Oct 23, 2020

Generally the fact that a practitioner is under investigation is not made public. Only if a referral to discipline is made or significant remedial action is taken does the matter become public. This places the practitioner in a bit of bind if the practitioner seeks to challenge an investigation in court, because court proceedings are almost always public.

In Party A v British Columbia (Securities Commission), 2020 BCCA 88 (http://canlii.ca/t/j5srk) a party was appealing an aspect of the investigation conducted by the regulator. At the request of the party, the Court restricted public access to the court file and anonymized the publicly-available documents. In doing, so the Court said:

There is always concern on the part of this court when orders are sought that would seal a file. The principle of the open court is important and we do not lightly seal a file, the act of which has the effect of foreclosing public knowledge of the contents of the file.
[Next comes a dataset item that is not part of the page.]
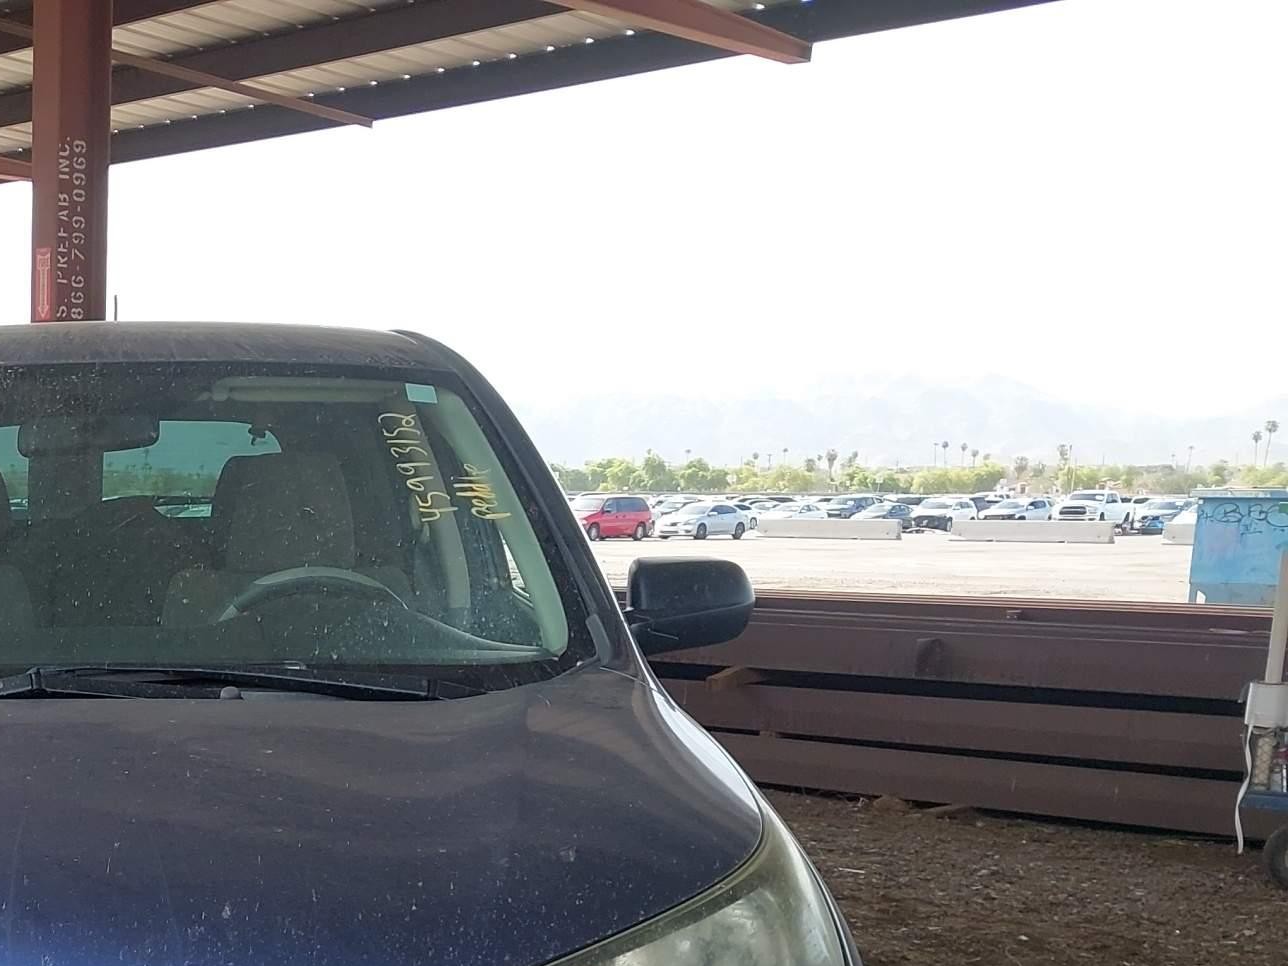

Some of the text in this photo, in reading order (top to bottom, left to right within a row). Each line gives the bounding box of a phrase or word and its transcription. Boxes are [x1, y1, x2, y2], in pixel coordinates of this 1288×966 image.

[58, 136, 72, 180] INC.
[56, 193, 70, 284] PREFAB
[70, 139, 88, 320] 866-799-0969
[377, 412, 459, 523] 45993152
However, the Court was satisfied by the evidence that there would be significant harm to the party and, indeed, to the public, if the fact that the investigation was occurring became known. It noted:

I am satisfied that there is potential harm to the appellants, who are the applicants today, should the fact of the investigation become broadly known. I am also satisfied that there is potential harm to the public at large from knowledge of the fact of the investigation without information as to the content of the investigation or where it is likely to lead. For example, the public at large may respond in the capital markets to information that turns out to have little impact.

Despite this finding, the Court insisted that an anonymous version of the key documents, including the decision, be made public so that the matter was not completely out of public view.

This case suggests that while it will be rare for courts to restrict public access to court files relating to regulatory investigations, courts may do so to avoid significant harm.